**What the task asks:** Please set down only the lines between the line containing "this 1536×1536 image." and the end of the records, inclusive, exactly as they stand.

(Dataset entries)
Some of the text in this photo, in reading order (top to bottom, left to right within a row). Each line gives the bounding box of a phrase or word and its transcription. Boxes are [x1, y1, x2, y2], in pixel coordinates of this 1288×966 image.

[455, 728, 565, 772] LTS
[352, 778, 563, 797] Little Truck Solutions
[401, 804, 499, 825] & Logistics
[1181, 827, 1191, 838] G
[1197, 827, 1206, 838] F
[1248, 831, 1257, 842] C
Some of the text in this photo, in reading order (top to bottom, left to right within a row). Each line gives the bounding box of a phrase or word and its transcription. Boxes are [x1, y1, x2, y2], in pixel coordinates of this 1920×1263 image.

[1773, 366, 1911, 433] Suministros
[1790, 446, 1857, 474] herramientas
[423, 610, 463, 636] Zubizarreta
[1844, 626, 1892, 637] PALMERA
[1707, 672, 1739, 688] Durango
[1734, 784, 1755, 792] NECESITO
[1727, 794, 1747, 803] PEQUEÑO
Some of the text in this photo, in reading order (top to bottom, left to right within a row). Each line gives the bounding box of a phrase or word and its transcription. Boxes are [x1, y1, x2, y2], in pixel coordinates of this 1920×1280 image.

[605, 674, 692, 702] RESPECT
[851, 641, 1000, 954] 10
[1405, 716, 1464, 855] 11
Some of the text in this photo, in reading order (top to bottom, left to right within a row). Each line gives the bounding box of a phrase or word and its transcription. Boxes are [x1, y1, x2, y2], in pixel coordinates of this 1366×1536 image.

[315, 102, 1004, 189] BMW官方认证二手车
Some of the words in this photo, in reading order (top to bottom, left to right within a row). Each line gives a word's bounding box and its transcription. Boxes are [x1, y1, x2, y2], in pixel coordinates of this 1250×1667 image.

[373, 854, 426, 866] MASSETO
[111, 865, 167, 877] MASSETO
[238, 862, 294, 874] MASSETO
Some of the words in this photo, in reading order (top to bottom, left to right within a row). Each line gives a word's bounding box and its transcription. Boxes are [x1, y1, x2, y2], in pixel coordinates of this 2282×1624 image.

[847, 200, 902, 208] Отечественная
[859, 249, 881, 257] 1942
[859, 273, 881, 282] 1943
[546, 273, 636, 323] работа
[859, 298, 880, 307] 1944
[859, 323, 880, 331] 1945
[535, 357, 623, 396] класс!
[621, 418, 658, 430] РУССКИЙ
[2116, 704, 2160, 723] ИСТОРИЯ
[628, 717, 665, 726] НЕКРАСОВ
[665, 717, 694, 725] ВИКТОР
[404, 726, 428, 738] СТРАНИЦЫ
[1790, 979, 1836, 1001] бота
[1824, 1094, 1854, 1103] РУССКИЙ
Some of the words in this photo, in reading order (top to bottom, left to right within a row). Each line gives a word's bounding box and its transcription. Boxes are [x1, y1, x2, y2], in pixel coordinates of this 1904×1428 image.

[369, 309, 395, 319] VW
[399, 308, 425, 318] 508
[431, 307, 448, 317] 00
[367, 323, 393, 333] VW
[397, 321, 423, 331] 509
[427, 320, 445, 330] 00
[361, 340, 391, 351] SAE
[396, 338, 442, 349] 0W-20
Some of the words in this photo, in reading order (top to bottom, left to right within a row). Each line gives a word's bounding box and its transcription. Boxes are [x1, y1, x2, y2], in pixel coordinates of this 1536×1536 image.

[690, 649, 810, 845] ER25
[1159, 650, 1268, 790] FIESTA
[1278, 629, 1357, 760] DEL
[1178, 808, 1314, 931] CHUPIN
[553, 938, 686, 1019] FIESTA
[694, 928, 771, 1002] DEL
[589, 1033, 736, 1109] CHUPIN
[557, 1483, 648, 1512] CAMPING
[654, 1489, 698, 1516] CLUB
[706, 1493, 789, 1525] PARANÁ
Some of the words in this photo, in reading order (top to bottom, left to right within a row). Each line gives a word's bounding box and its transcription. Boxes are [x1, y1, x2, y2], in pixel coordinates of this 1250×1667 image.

**Answer for this exercise:**
Some of the words in this photo, in reading order (top to bottom, left to right within a row). Each line gives a word's bounding box and its transcription. Boxes are [x1, y1, x2, y2], in pixel coordinates of this 1536×1536 image.

[690, 649, 810, 845] ER25
[1159, 650, 1268, 790] FIESTA
[1278, 629, 1357, 760] DEL
[1178, 808, 1314, 931] CHUPIN
[553, 938, 686, 1019] FIESTA
[694, 928, 771, 1002] DEL
[589, 1033, 736, 1109] CHUPIN
[557, 1483, 648, 1512] CAMPING
[654, 1489, 698, 1516] CLUB
[706, 1493, 789, 1525] PARANÁ
Some of the words in this photo, in reading order (top to bottom, left to right within a row). Each line gives a word's bounding box and its transcription. Boxes are [x1, y1, x2, y2], in pixel coordinates of this 1250×1667 image.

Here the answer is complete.